主なポイント:
- Modineのデータセンター事業は4年連続で年率2倍の成長を記録
- 部品不足が2026年度第4四半期後半に発生し、短期的な生産に影響を与える可能性
- 同社は2027年度にデータセンター売上高の60~80%増加を見込む
主なポイント:

Modineのデータセンター事業は4年連続で倍増しているが、サプライチェーンのボトルネックが今や短期的な生産を脅かしている。
Modine Manufacturing Co.は、データセンター事業が4年連続で年率倍増を遂げる中、初めての深刻なサプライチェーン制約に直面し、部品不足が短期的な生産スケジュールを脅かしている。
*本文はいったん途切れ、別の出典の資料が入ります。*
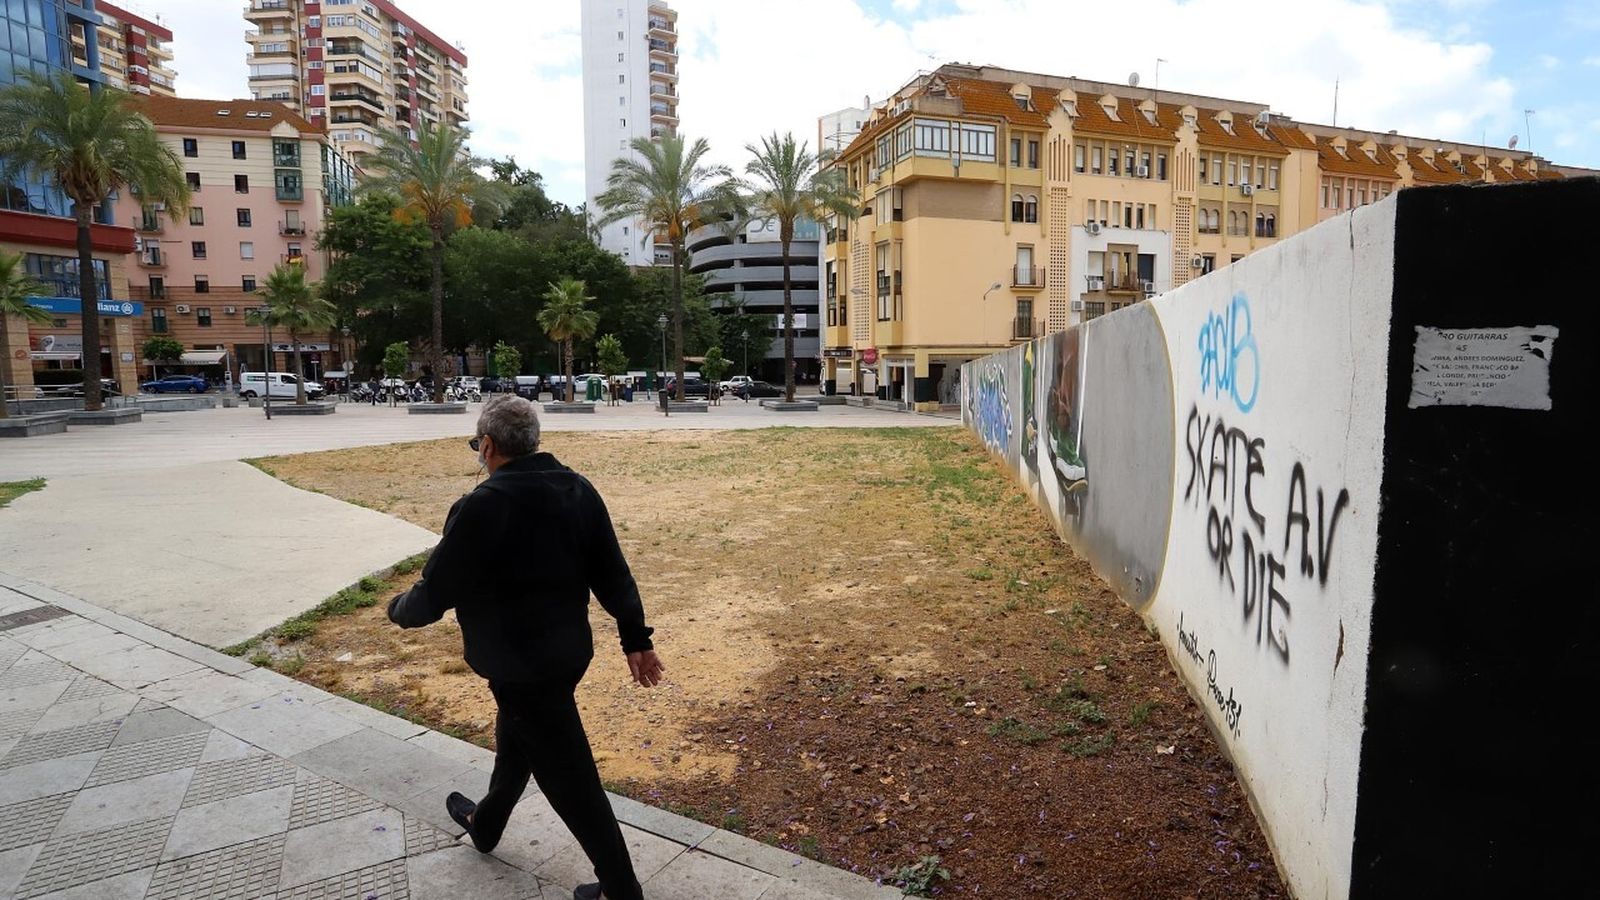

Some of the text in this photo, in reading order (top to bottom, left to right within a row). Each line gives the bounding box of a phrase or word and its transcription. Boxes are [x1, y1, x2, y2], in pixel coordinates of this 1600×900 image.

[1456, 333, 1509, 341] GUITARRAS
[1184, 400, 1266, 537] SKATE
[1206, 502, 1291, 667] OR DIE
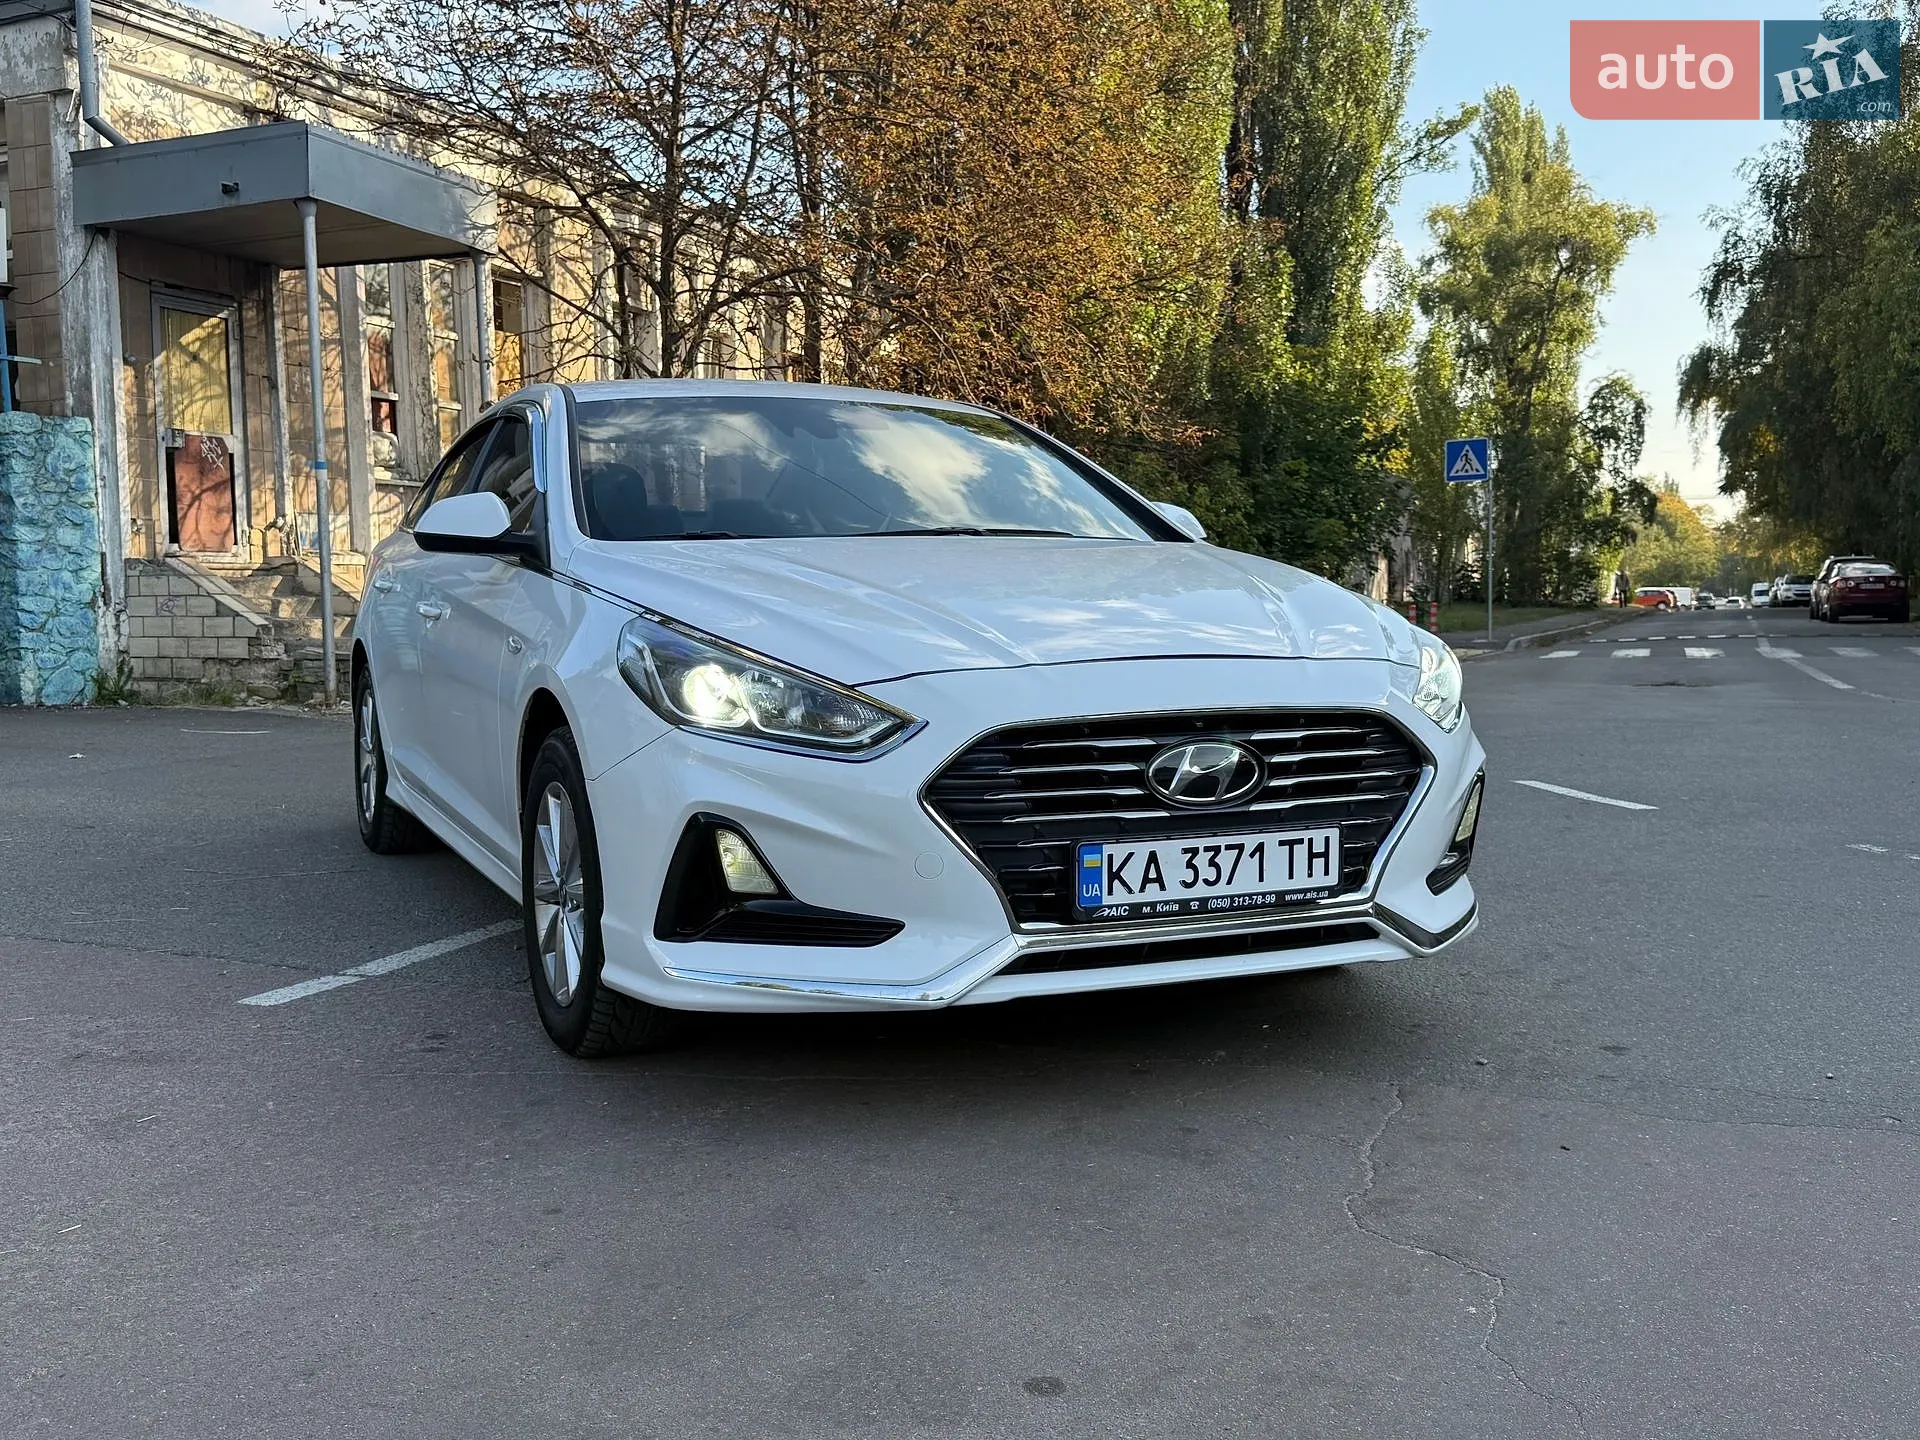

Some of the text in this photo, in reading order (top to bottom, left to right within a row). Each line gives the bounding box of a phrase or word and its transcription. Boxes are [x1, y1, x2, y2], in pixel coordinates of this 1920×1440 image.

[1106, 835, 1331, 897] KA 3371 TH
[1082, 883, 1101, 897] UA
[1156, 901, 1180, 913] Київ
[1207, 898, 1231, 910] (050)
[1232, 893, 1276, 907] 313-78-99
[1284, 890, 1329, 902] www.ais.ua
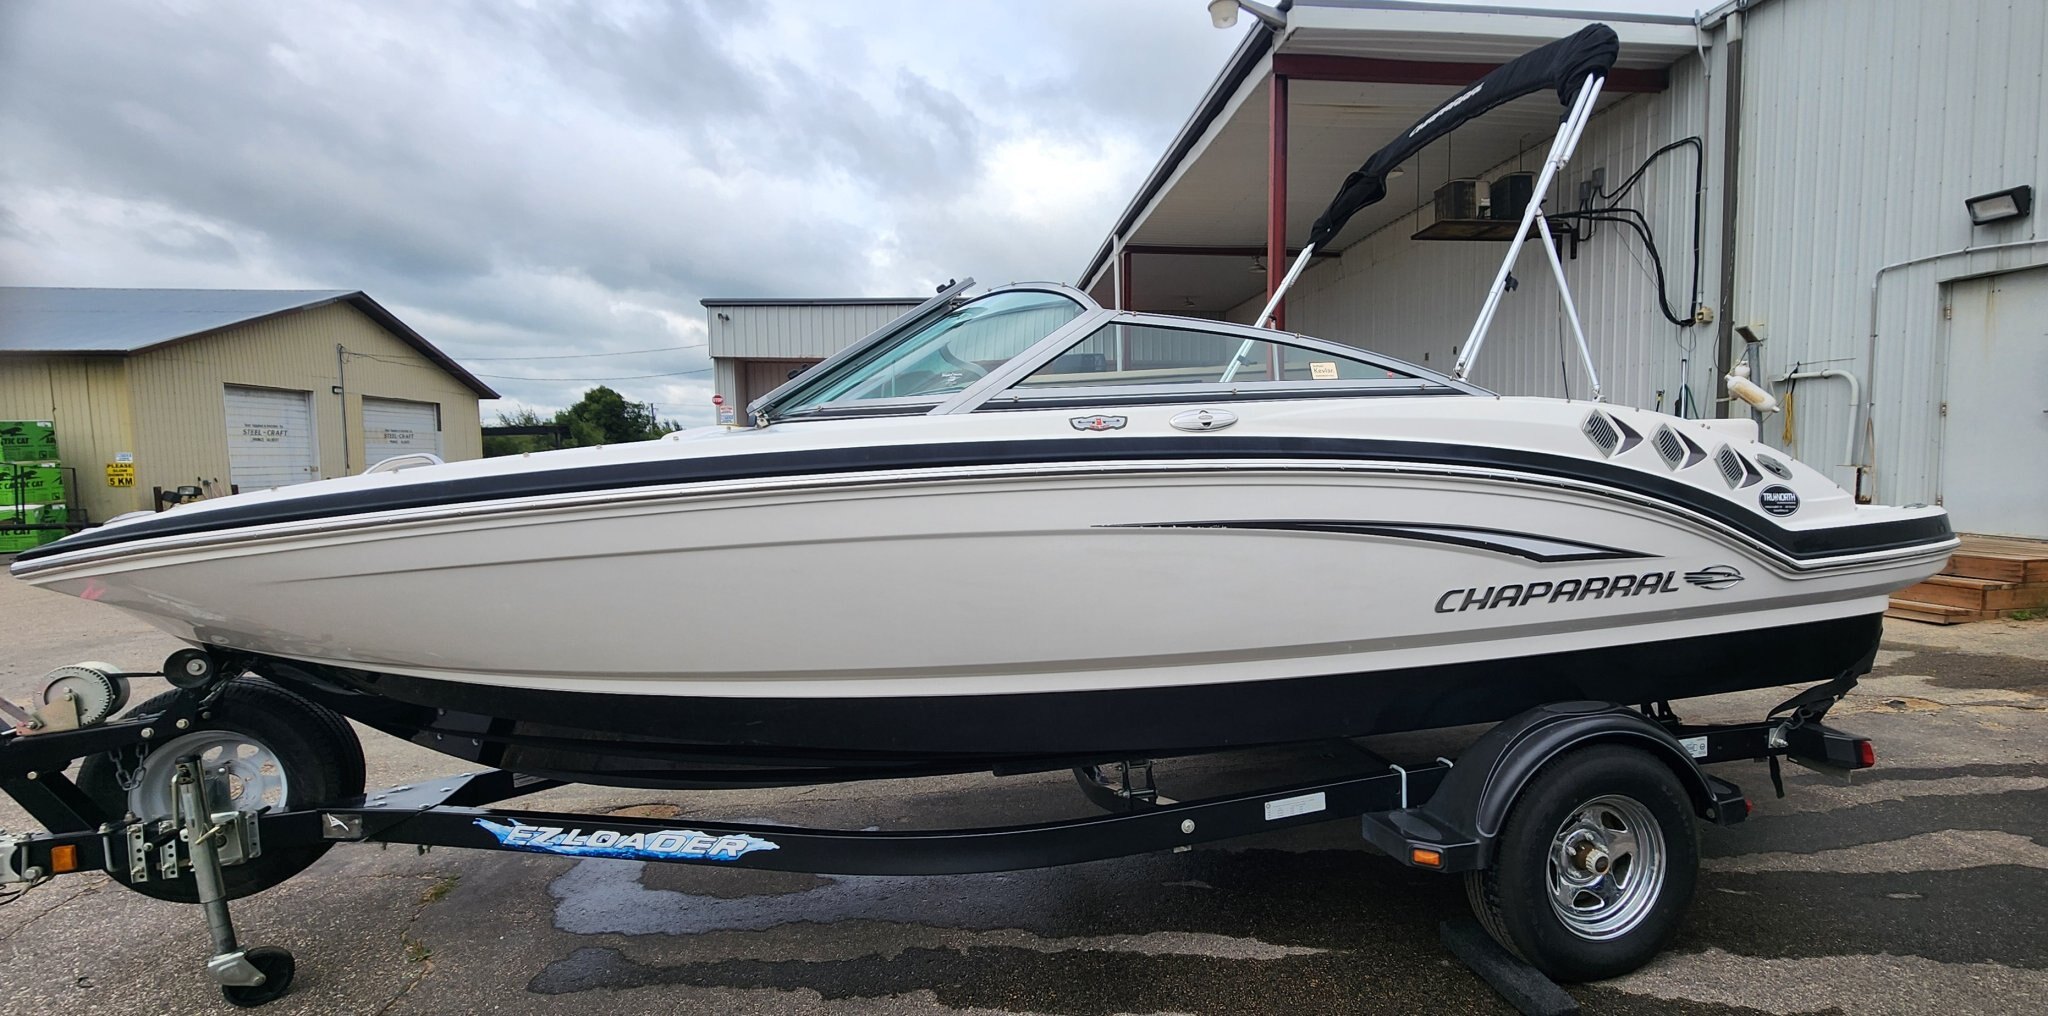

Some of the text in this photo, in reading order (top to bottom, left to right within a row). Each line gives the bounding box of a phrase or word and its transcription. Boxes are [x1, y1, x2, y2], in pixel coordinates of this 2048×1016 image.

[110, 477, 133, 486] 5 KM
[1434, 570, 1679, 614] CHAPARRAL
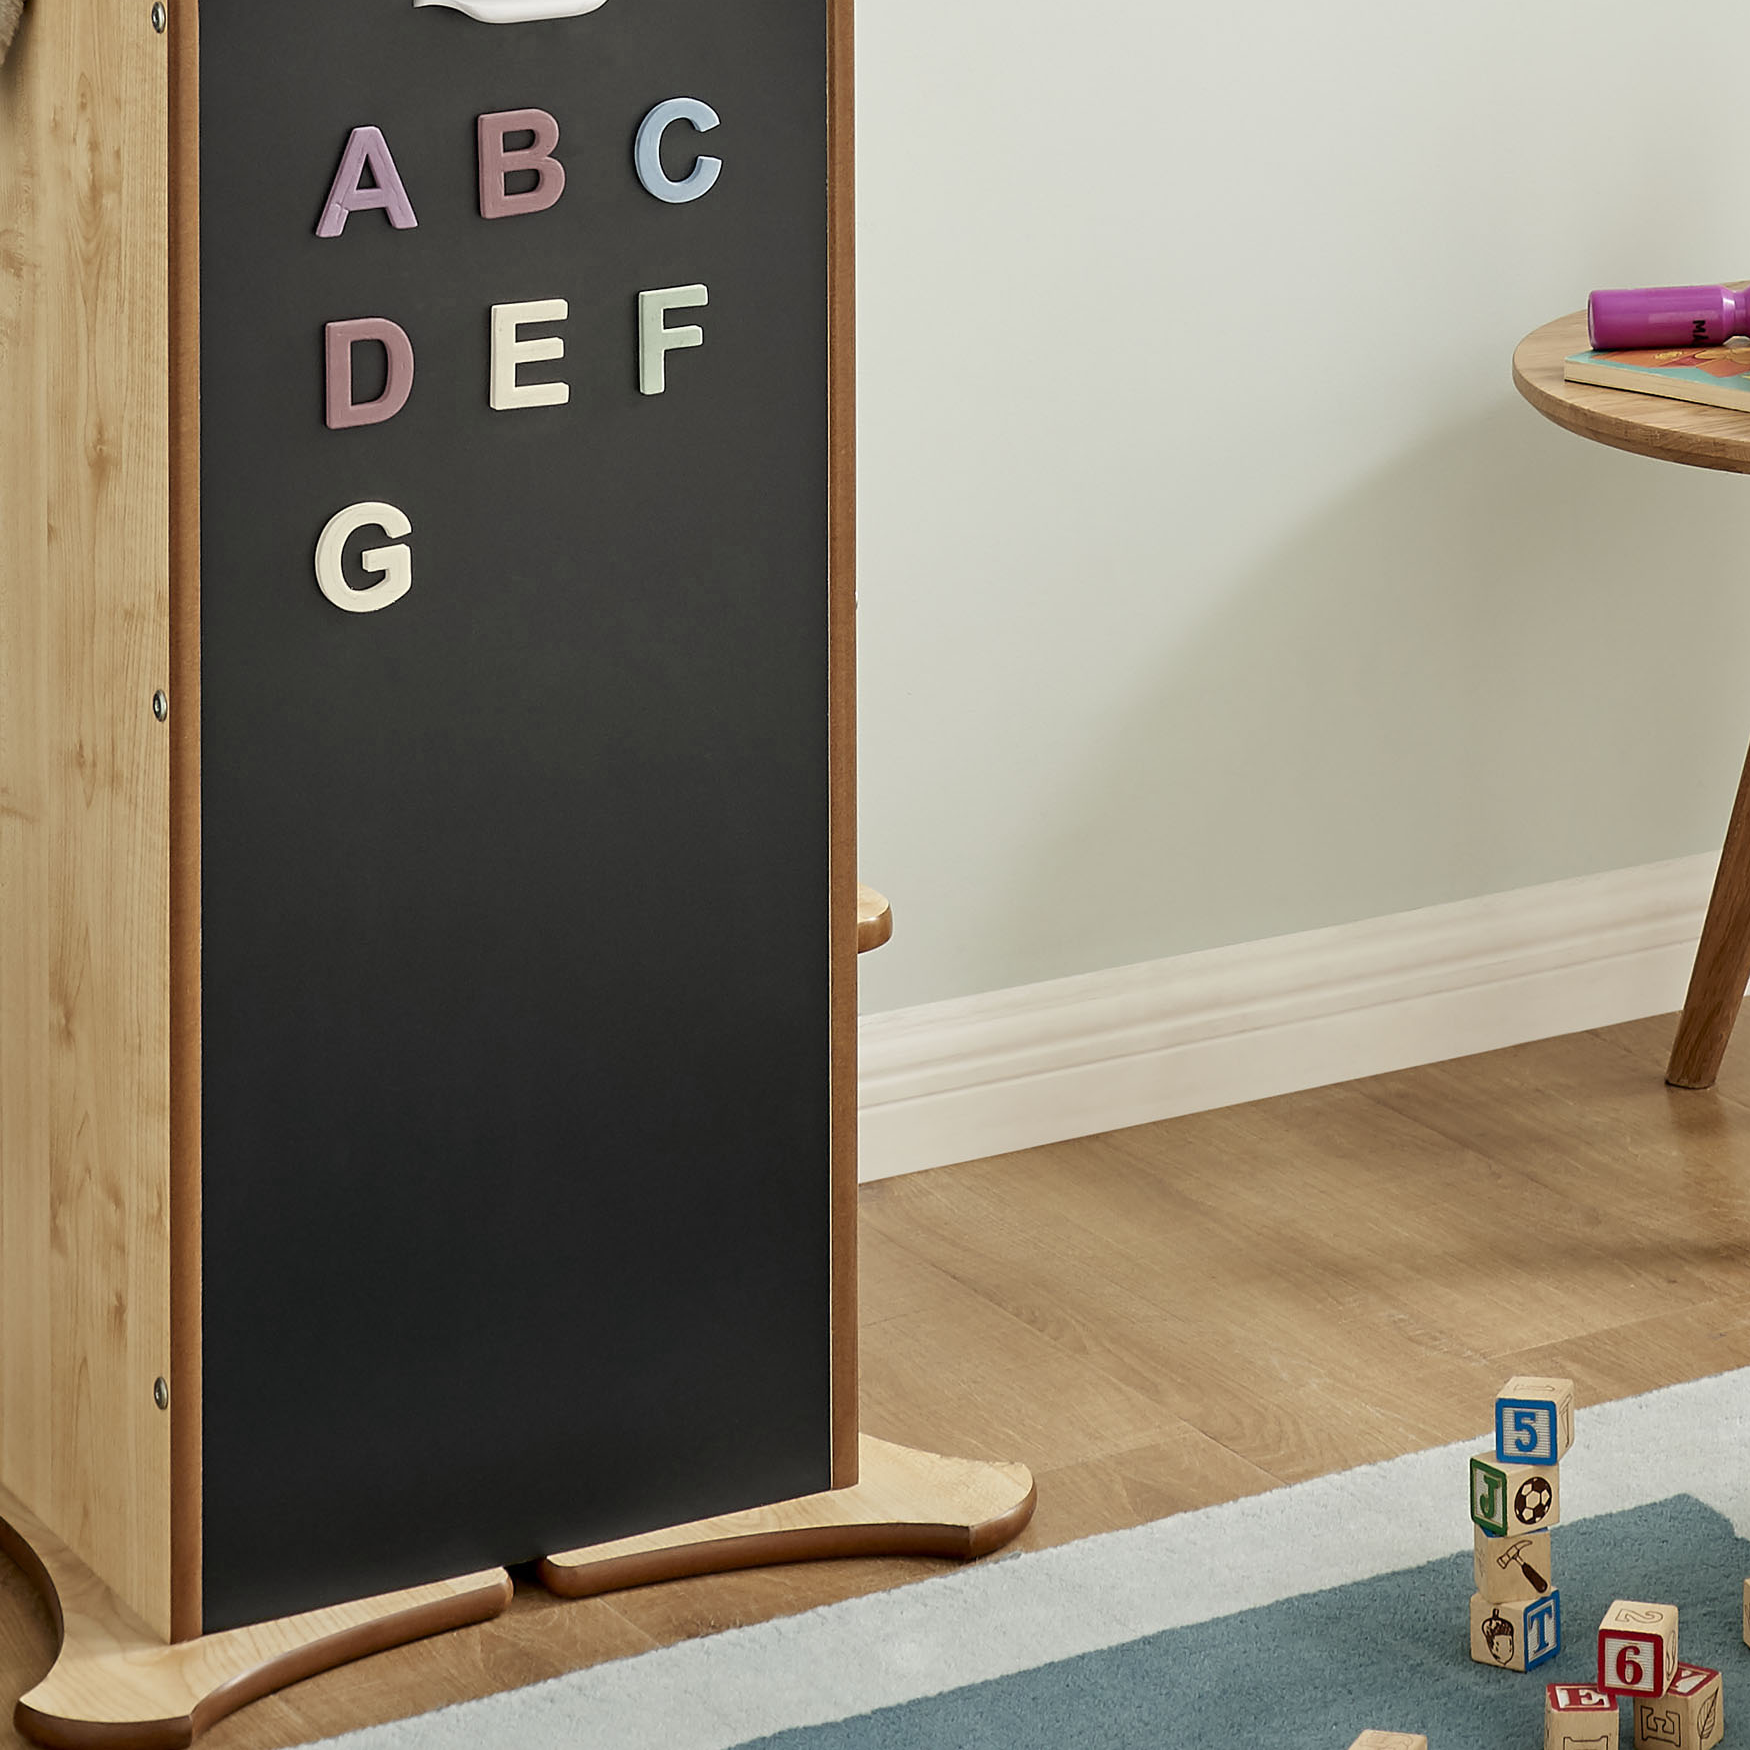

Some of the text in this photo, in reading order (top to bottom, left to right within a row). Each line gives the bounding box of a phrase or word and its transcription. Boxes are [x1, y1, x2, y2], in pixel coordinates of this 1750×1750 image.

[314, 96, 723, 239] A B C
[325, 283, 709, 430] D E F
[315, 501, 413, 613] G
[1514, 1411, 1538, 1452] 5
[1480, 1474, 1500, 1519] J
[1530, 1604, 1553, 1655] T
[1616, 1645, 1644, 1685] 6
「サプライチェーン管理は引き続き当社の最優先事項の一つです」と同社は2026年度の決算説明資料で述べている。Modineは、戦略レベルと業務レベルの両方でサプライヤーと緊密に連携し、日々のサポートと監視を強化して供給の継続性を確保している。
部品不足は2026年度第4四半期後半に顕在化し、生産効率に短期的な課題をもたらしている。Modineは、2027年度のデータセンター売上高が4年連続の倍増に続き、60~80%の成長を見込んでいる。同社は調整後EBITDAを6億5000万~6億8000万ドルと予測しており、前年比40%超の増加、マージンは100~200ベーシスポイントの拡大を見込む。
Modineの株価は過去6か月間で124.3%上昇し、Zacks自動車・純正部品業界の3.3%の上昇を大きく上回っている。同社株は将来売上高の3.61倍で取引されており、業界平均の2.26倍に対してプレミアムで評価されていることは、投資家がすでに積極的な成長を織り込んでおり、実行上のミスがあれば下落リスクに晒される可能性を示唆している。
拡大加速に伴い顕在化するサプライチェーン制約
同社はデータセンター拡大を支えるため人材とリソースに多額の投資を行ってきたが、急ピッチな拡大により初めてサプライヤー関係にひずみが生じている。専任チームが新たなベンダーの認定を積極的に進め、より安定した部品供給を確保している。これらの課題は第1四半期の生産計画に一時的な影響を与えるとみられるが、Modineは通期見通しへの影響は想定していない。
Modineの熱管理ソリューションに対するデータセンター市場での需要は引き続き旺盛で、減速の兆候は見られない。2026年度の調整後EBITDAマージンは前年比30ベーシスポイント上昇の13.8%となり、売上高の逆風にもかかわらず、80/20の業務戦略と厳格な費用管理を反映している。
同業他社も同様の供給圧力に対応
データセンター建設の加速に伴うサプライチェーンの課題に直面しているのはModineだけではない。nVent Electric Plcは、受注残高が四半期ごとに増加を続けており、ほとんどの受注が今後12か月を超える期間に及ぶと報告している。同社は今年、約1億3000万ドルを設備投資に投じる計画で、その大部分はデータセンター容量の拡大とサプライチェーンの強靭性強化に充てられる。
Vertiv Holdings Co.は、サプライチェーン全体でマルチソーシング戦略を優先し、世界貿易やマクロ経済の不確実性に起因するサプライヤー関連リスクの低減を図っている。Vertivはまた、サプライチェーン能力を強化し長期的な成長を支援するため、戦略的買収を追求している。
Lennox International Inc.は、第1四半期のマージン減少はすべて工場の稼働率低下によるものだとし、下半期にかけて問題が緩和されるにつれ正常水準に戻るとの見通しを示した。Johnson Controls International Plcは、2026年度第2四半期の南北アメリカ部門で前年比約100ベーシスポイントのマージン拡大を報告したが、これは売上高成長とオペレーティングレバレッジによるもので、生産性は製造能力の増強により一時的に影響を受けた。
2027年度第1四半期について、Modineの商業用HVACおよびデータセンター事業のマージンは、厳しい比較と継続的なサプライチェーン制約により前年水準を下回る見通しである。同社は第2四半期から回復が始まり、下半期には3事業セグメントすべてが前年比でマージン改善を見込んでいる。
投資視点
Modineのバリュエーションはすでに高い期待を反映している。将来株価売上高倍率(フォワードP/S)は3.61倍と、業界平均の2.26倍に対して60%のプレミアムで推移している。サプライチェーン制約が第1四半期を超えて長期化するか、需要に減速の兆候が見られた場合、株価はリレーティングリスクに直面する可能性がある。逆に、ボトルネックを乗り切ることに成功すれば、プレミアムの正当性が裏付けられ、2027年度下半期のマージン拡大を通じてさらなる上昇余地が生まれるだろう。
本記事は情報提供のみを目的としており、投資助言を構成するものではありません。